Well he got caught. So obviously he didn’t successfully hide it. WorldCom and Enron got caught by going huge. I mean their fraud was multiple of their companies’ worth.
Materiality still matters. Nothing Congress passed changed that. It’s still part of GAAP, and still recognized by the SEC.
Oh here check this out, poking around materiality:
https://en.wikipedia.org/wiki/Materiality_(auditing)
Methods from Discussion Paper 6: Audit Risk and Materiality, as issued in July 1984
These methods offer a suggested range for the calculation of materiality. Based on the audit risk, the auditor will select a value inside this range.[15][failed verification]
0.5% to 1% of gross revenue;
1% to 2% of total assets;
1% to 2% of gross profit;
2% to 5% of shareholders’ equity;
5% to 10% of net profit.
So with the league pulling in $18 billion in revenues, we’re talking more that half a billion for the Jags. $5 million a year comes in under 1% of gross revenue, probably also under 2% of assets, might be over 2% of gross profits, no shareholders, but probably under 10% of net profit. So not really material according to paper 6.
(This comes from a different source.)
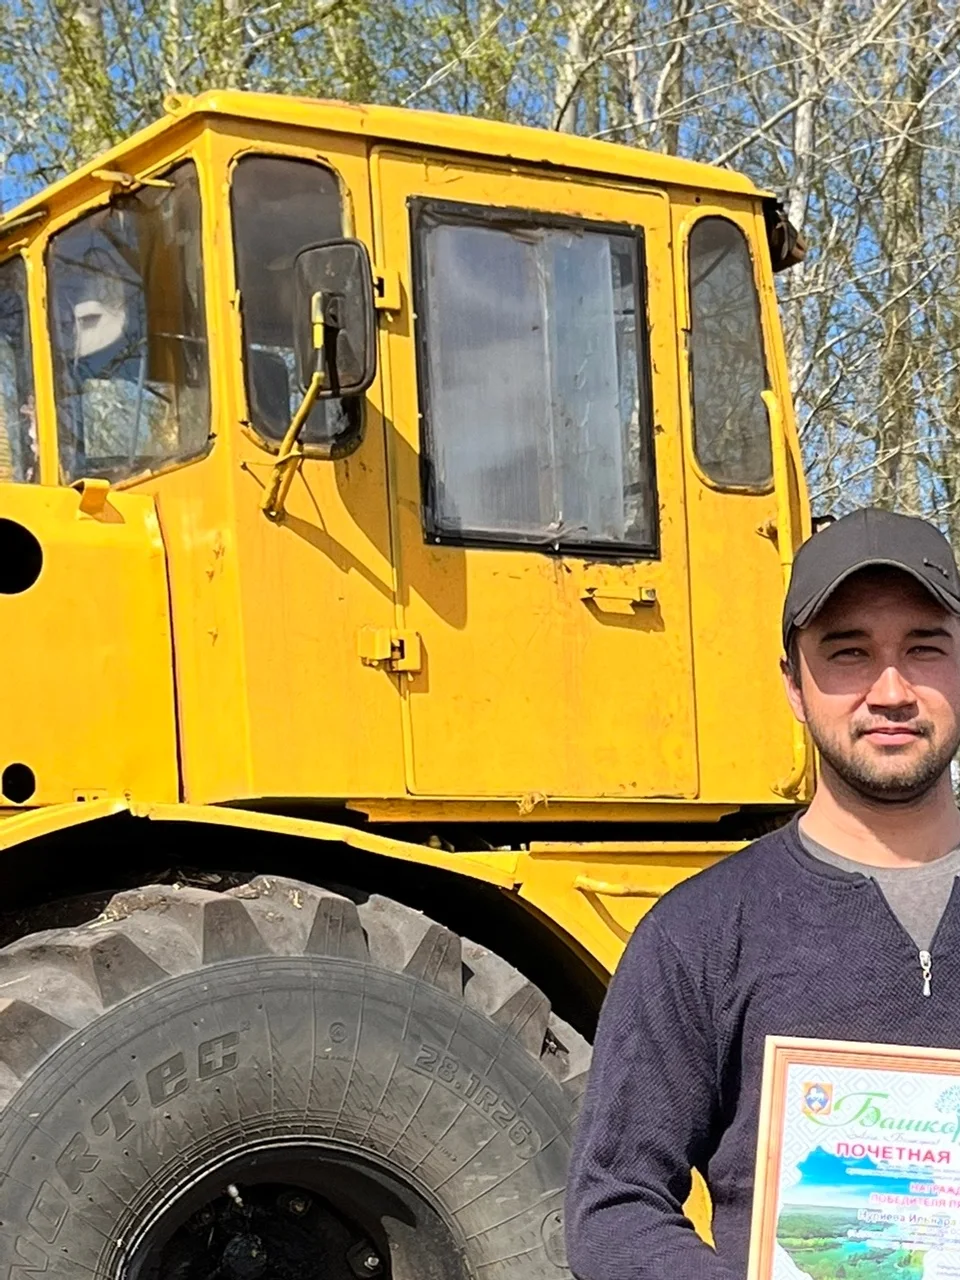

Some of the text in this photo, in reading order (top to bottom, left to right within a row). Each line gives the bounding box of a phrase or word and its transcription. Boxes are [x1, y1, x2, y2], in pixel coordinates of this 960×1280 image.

[415, 1044, 533, 1147] 28.1R26
[836, 1142, 951, 1165] ПОЧЕТНАЯ
[871, 1194, 946, 1208] ПОБЕДИТЕЛЯ
And that’s how you get away with it. Keep it in the rounding error. There was probably some honest mistake somebody made that put the numbers far enough out of whack to make the auditors dig deeper, and boom.
You are correct
Wonder what tipped them to dig deeper
Wonder what tipped them to dig deeper
Yep. Like the “high penny roll” the car dealers do. Roll every number up without going over the next dollar amount and nobody ever notices, but it adds up to a nice bass boat or trip to someplace warm for the finance guy.